1.2 In these Terms & Conditions, unless the context otherwise requires:
1.2.1 the singular includes the plural and the masculine includes the feminine and the neuter and vice versa;
1.2.2 references to persons shall include companies or associations or bodies of persons whether corporate or unincorporate;
1.2.3 references to Clauses shall be to clauses of these Terms & Conditions; and
1.2.4 references to any law shall be deemed to include references to such law as re-enacted, amended or extended from time to time and any analogous provision or rule under any applicable.
1.3 Clause headings are used for convenience only and shall not affect the construction or interpretation of these Terms & Conditions.
2. OBLIGATIONS AND DUTIES OF THE SERVICE PROVIDER
2.1 The Service Provider will provide the Services and in performing the Services, the Service Provider shall:
2.1.1 subject to Clause 4, use its reasonable endeavours to act in accordance with all Proper Instructions; and
2.1.2 act in accordance with the standards of a responsible and prudent service provider.
2.2 The Service Provider is authorised by the Client to do anything which is reasonably necessary either to perform the Services or to comply with any applicable laws and/or regulations in any relevant jurisdiction.

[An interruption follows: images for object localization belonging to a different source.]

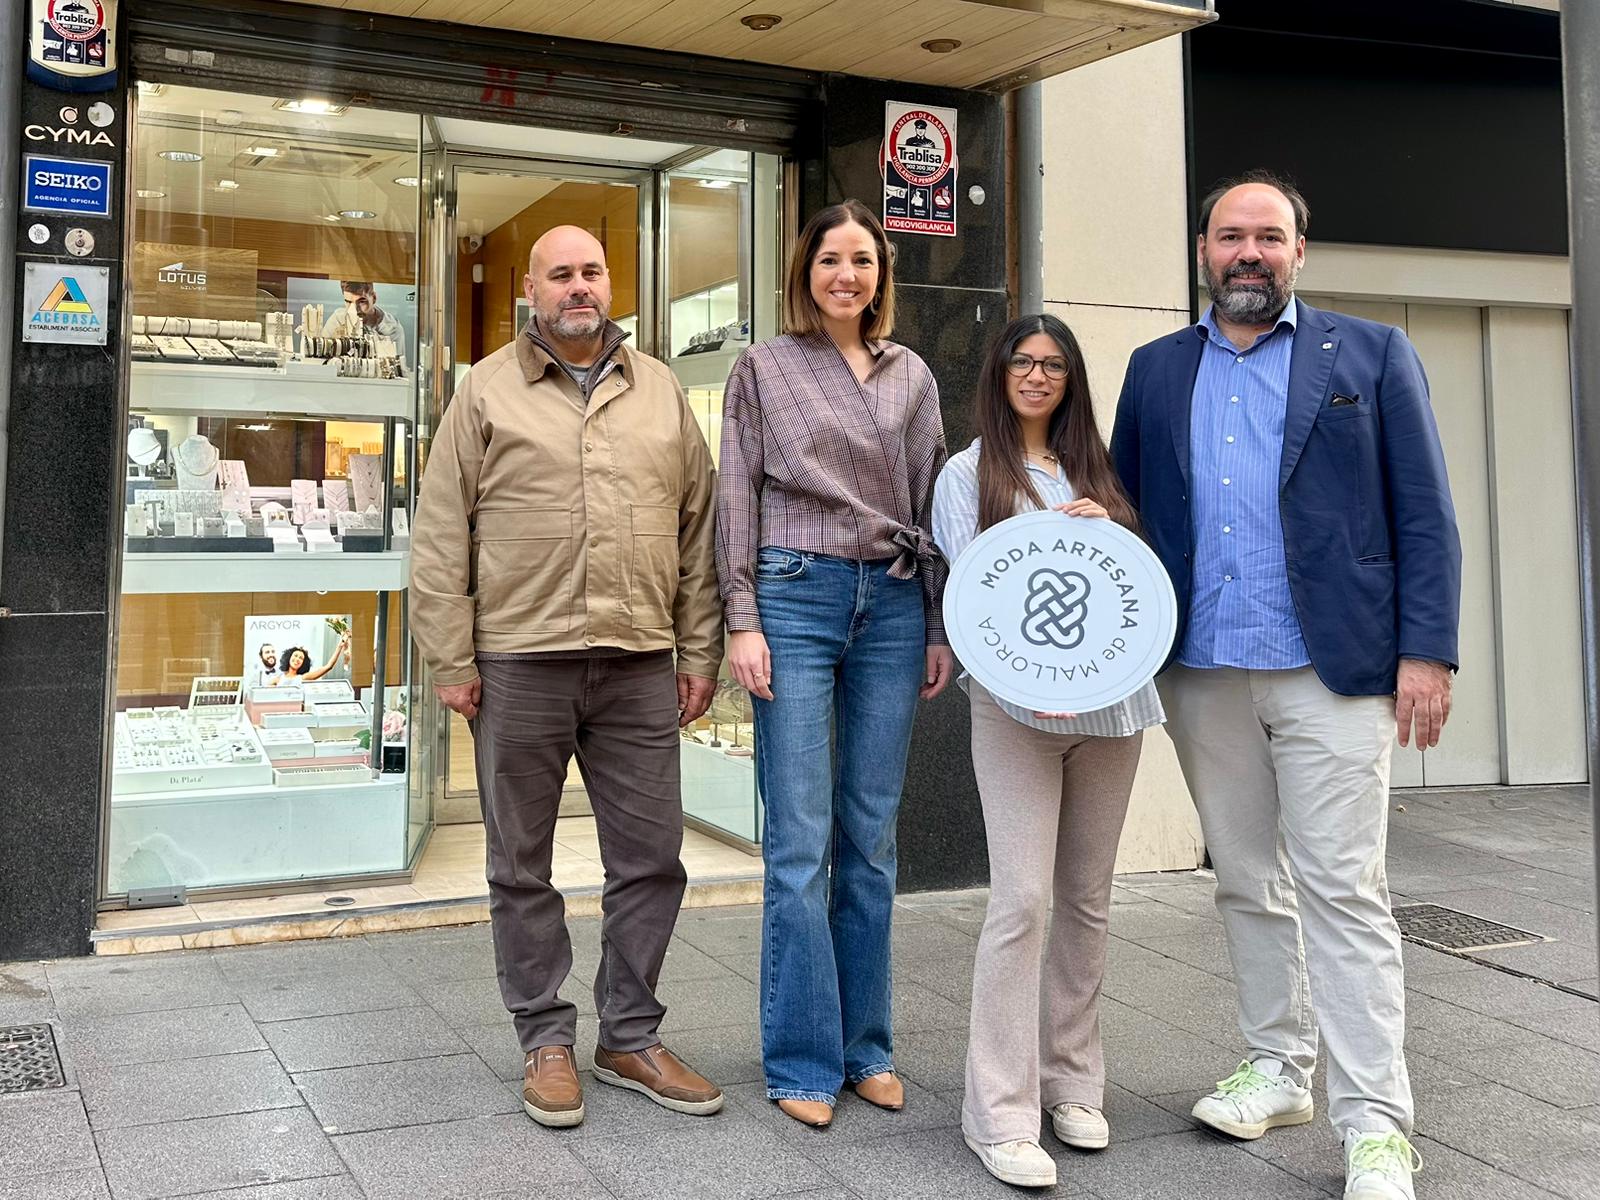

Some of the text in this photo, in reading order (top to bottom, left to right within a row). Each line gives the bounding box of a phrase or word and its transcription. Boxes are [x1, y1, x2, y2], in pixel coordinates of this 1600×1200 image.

[55, 12, 95, 25] Trablisa
[894, 113, 917, 133] CENTRAL
[927, 114, 948, 139] ALARMA
[25, 124, 115, 147] CYMA
[898, 147, 942, 164] Trablisa
[892, 155, 949, 184] VIGILANCIA PERMANENTE
[35, 171, 101, 191] SEIKO
[34, 195, 100, 206] AGENCIA OFICIAL
[888, 219, 952, 232] VIDEOVIGILANCIA
[158, 272, 206, 285] LOTUS
[31, 312, 100, 326] ACEBASA
[29, 324, 69, 332] ESTABLIMENT
[978, 538, 1139, 681] MODA ARTESANA de MALLORCA
[250, 620, 301, 630] ARGYOR
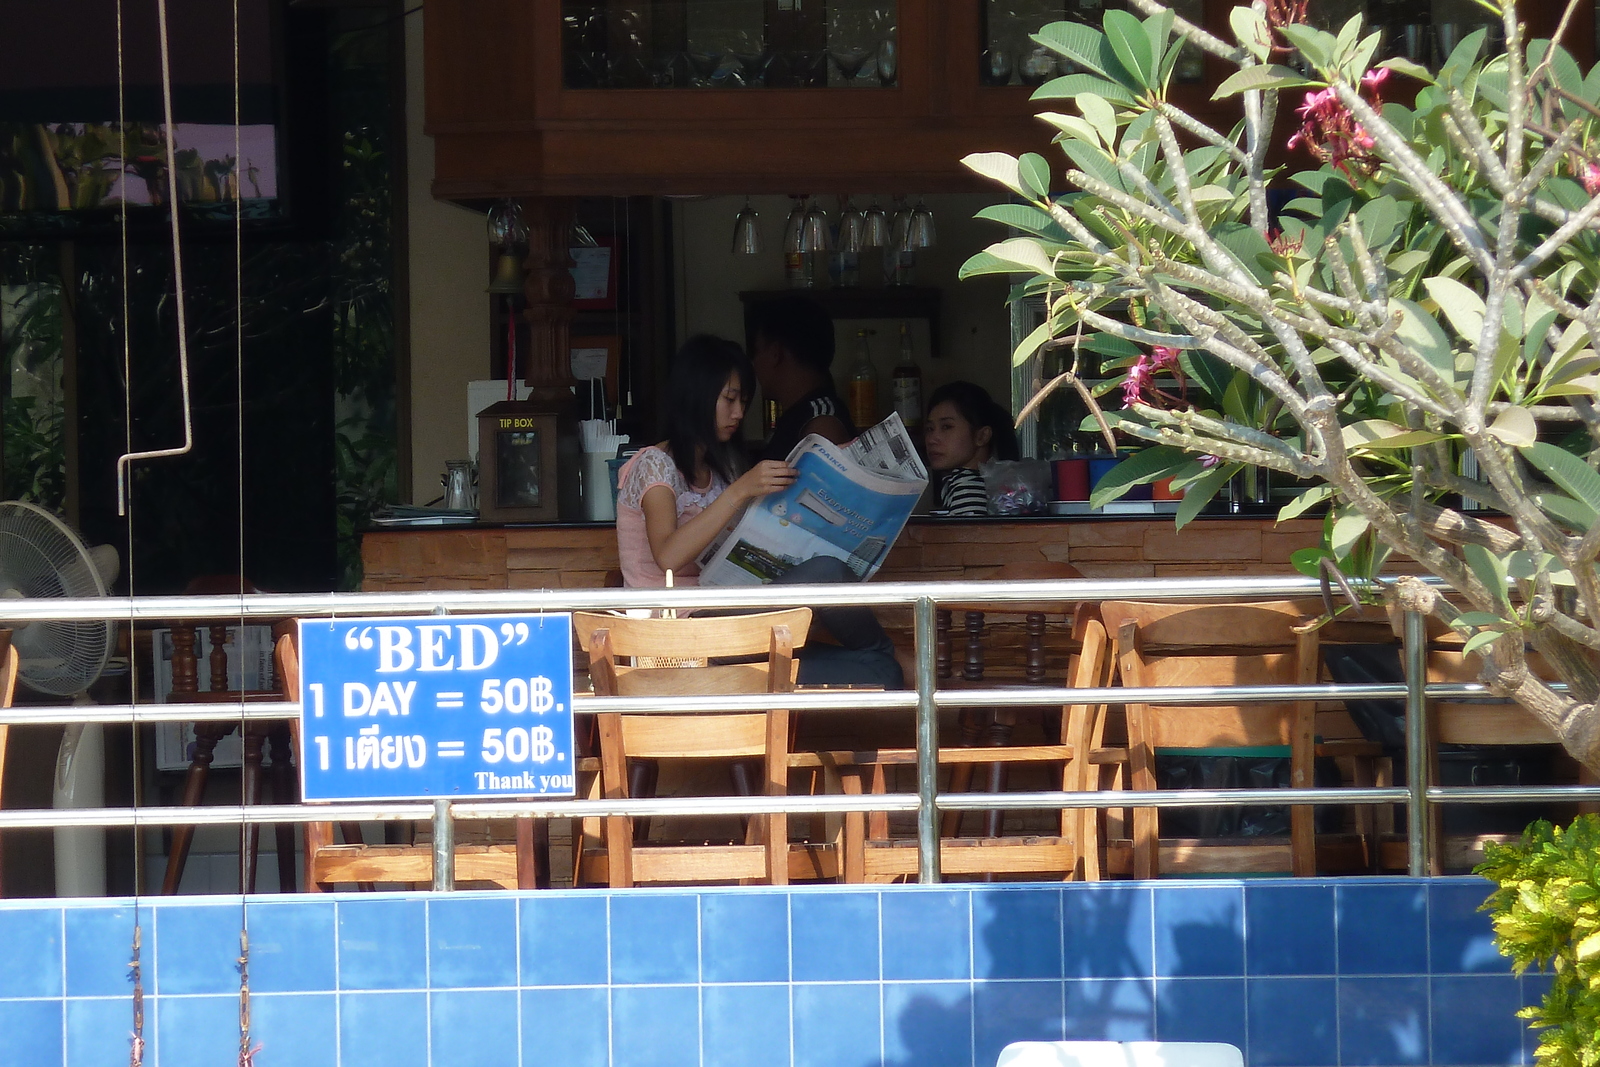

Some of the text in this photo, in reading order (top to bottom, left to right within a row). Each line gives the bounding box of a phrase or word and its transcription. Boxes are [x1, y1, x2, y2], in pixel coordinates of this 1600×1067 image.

[499, 418, 534, 428] TIP BOX
[818, 447, 848, 472] DAIKIN
[817, 488, 875, 526] Everywhere
[843, 526, 863, 539] you
[309, 683, 324, 717] 1
[343, 681, 417, 716] DAY
[436, 692, 464, 707] =
[315, 736, 329, 770] 1
[345, 724, 427, 770] เตียง
[437, 741, 464, 757] =
[474, 771, 573, 793] Thank you
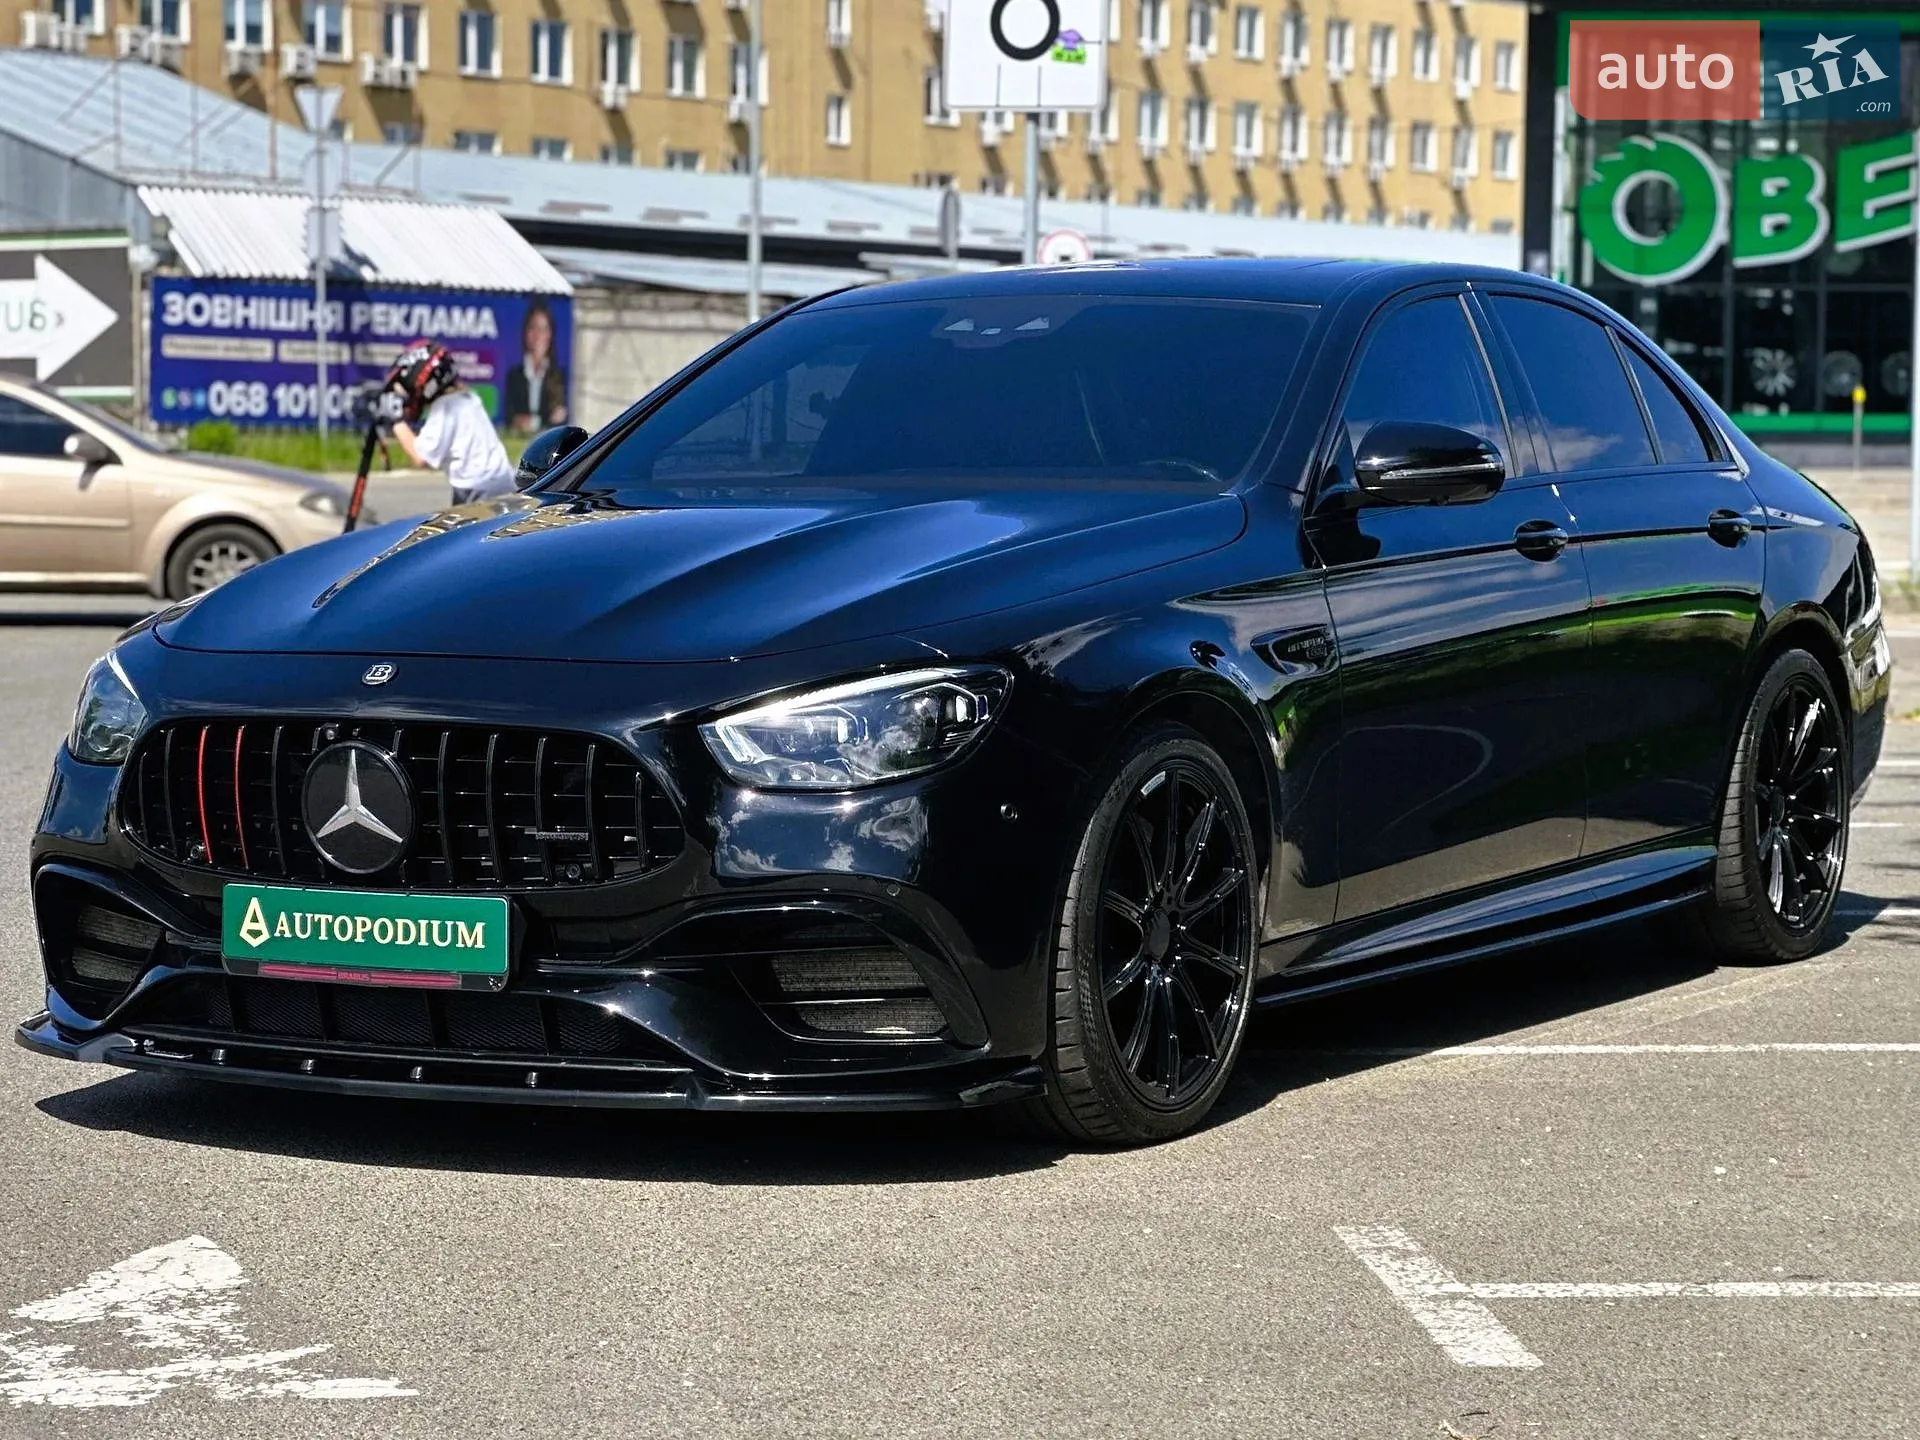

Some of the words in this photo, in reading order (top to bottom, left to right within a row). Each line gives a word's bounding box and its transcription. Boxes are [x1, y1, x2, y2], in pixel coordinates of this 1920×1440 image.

[351, 302, 498, 338] РЕКЛАМА
[208, 379, 269, 417] 068
[274, 911, 486, 949] AUTOPODIUM

3. OBLIGATIONS AND DUTIES OF THE CLIENT
3.1 During the continuance of the appointment of the Service Provider, the Client shall:
3.1.1 advise the Service Provider forthwith of any actual or proposed modification, alteration or addition to the constitutional documents of the Administered Body;
3.1.2 make available to the Service Provider at the relevant time the requisite information, documentation, records and funds to enable the Service Provider to perform the Services;
3.1.3 not, without the prior written consent of the Service Provider, issue or use or permit the issue or use by any person of any promotional literature, document or material or any advertisement in which the name of any member of Crestbridge appears;
3.1.4 neither cause nor permit to be done anything which will or may be calculated to impose any civil or criminal liability or penalty on the Service Provider or any of the Employees;
3.1.5 keep the Service Provider fully informed as to the business affairs, financial position and prospects of the Administered Body, and, where different, to the extent required to comply with applicable law, the business affairs, financial position and prospects of the Client and their affiliates in the Engagement Contract;
3.1.6 not undertake any activities which will require a licence, consent or approval in any jurisdiction without first obtaining such licence, consent or approval or which will breach any conditions contained in any such licence, consent or approval;
3.1.7 comply with all laws, regulations and filing requirements in any applicable jurisdiction (except to the extent that such matters are the responsibility of the Service Provider under the Engagement Contract);
3.1.8 undertake and hereby warrant that all assets introduced, or that will be introduced, to the Administered Body have been lawfully gained and lawfully introduced and are not derived from or otherwise connected with any illegal activity;
3.1.9 undertake and hereby warrant that it has taken appropriate tax, legal, financial, accounting and other advice with regard to the creation, use, administration and (if relevant) dissolution of the Administered Body;
3.1.10 not, without the prior written consent of the Service Provider, directly or indirectly, nor shall any person associated with the Client, solicit the employment of any of Crestbridge's directors or employees, as the case may be, involved in performing the Services while the Services are being performed or for a period of twelve months following the completion or following termination of the Services;
3.1.11 discharge all taxes and governmental dues payable by the Administered Body; and
3.1.12 notwithstanding the generality of Clause 3.1.5, immediately upon becoming aware thereof, the Client shall notify the Service Provider of:
(i) any event which could be reasonably foreseen to have a material effect on the Administered Body or its assets or activities (including, without limitation, any act evidencing the insolvency of the Administered Body or commencing its liquidation, winding up or dissolution) or upon the Service Provider's willingness to continue to provide the Services;
(ii) any actual or threatened litigation in any jurisdiction or any actual or threatened investigation by any judicial or regulatory authority and any progress thereof, and it shall promptly provide such information as the Service Provider may, in its discretion, require in respect thereof.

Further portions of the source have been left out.